O ex-governador do Rio de Janeiro, Cláudio Castro, decidiu desistir da pré-candidatura ao Senado Federal após se tornar alvo de operações da Polícia Federal realizadas nas últimas semanas. A decisão ocorre em meio ao desgaste provocado pelas investigações envolvendo movimentações financeiras do Rioprevidência e relações com o banqueiro Daniel Vorcaro, ligado ao Banco Master.
De acordo com aliados políticos, a avaliação dentro do grupo de Castro é de que a repercussão das ações da PF inviabilizou a continuidade do projeto eleitoral para 2026. A expectativa é de que o ex-governador divulgue nos próximos dias um pronunciamento oficial explicando a saída da disputa e afirmando que pretende concentrar esforços na própria defesa.
As investigações conduzidas pela Polícia Federal apuram suspeitas relacionadas a aportes bilionários feitos pelo fundo previdenciário estadual no Banco Master, além de possíveis conexões entre integrantes do governo fluminense e empresários investigados.
Cláudio Castro já vinha enfrentando dificuldades políticas desde março, quando renunciou ao comando do governo do Rio para se lançar como pré-candidato ao Senado.
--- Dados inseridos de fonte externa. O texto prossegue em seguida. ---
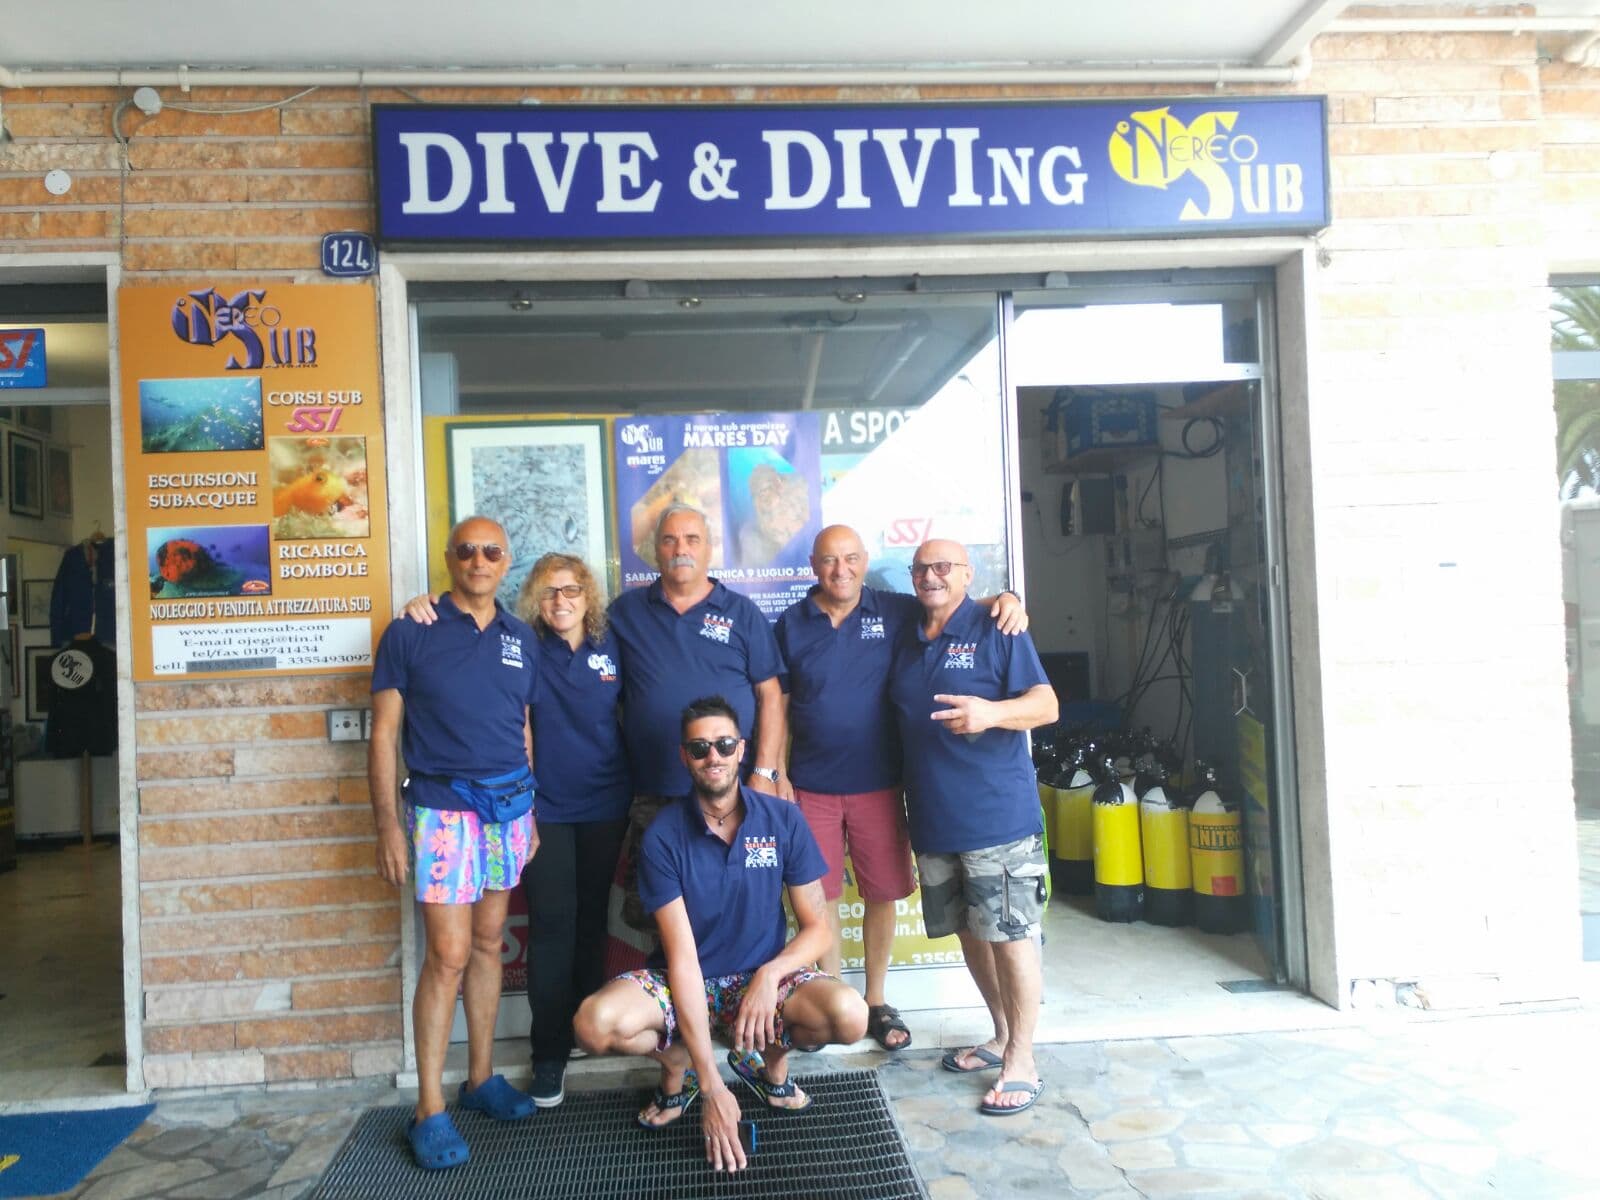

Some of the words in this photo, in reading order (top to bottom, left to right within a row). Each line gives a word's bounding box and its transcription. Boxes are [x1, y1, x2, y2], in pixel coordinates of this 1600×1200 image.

Pouco depois, tornou-se inelegível por decisão do Tribunal Superior Eleitoral em processo relacionado às eleições de 2022.
Nos bastidores do PL, dirigentes e aliados também passaram a pressionar pelo recuo da candidatura após o avanço das investigações federais. Lideranças do partido demonstravam preocupação com possíveis impactos negativos nas campanhas de outros nomes da legenda no estado, especialmente nas disputas ao governo do Rio e ao Senado.
Mesmo fora da corrida ao Senado, interlocutores afirmam que Castro ainda avalia permanecer ativo na política e não descarta disputar uma vaga para deputado federal nas próximas eleições.
A crise envolvendo o ex-governador se intensificou após duas operações da Polícia Federal em intervalo inferior a duas semanas. As ações ampliaram o desgaste político de Castro, que já vinha sendo alvo de questionamentos por investigações anteriores relacionadas à sua gestão no governo fluminense.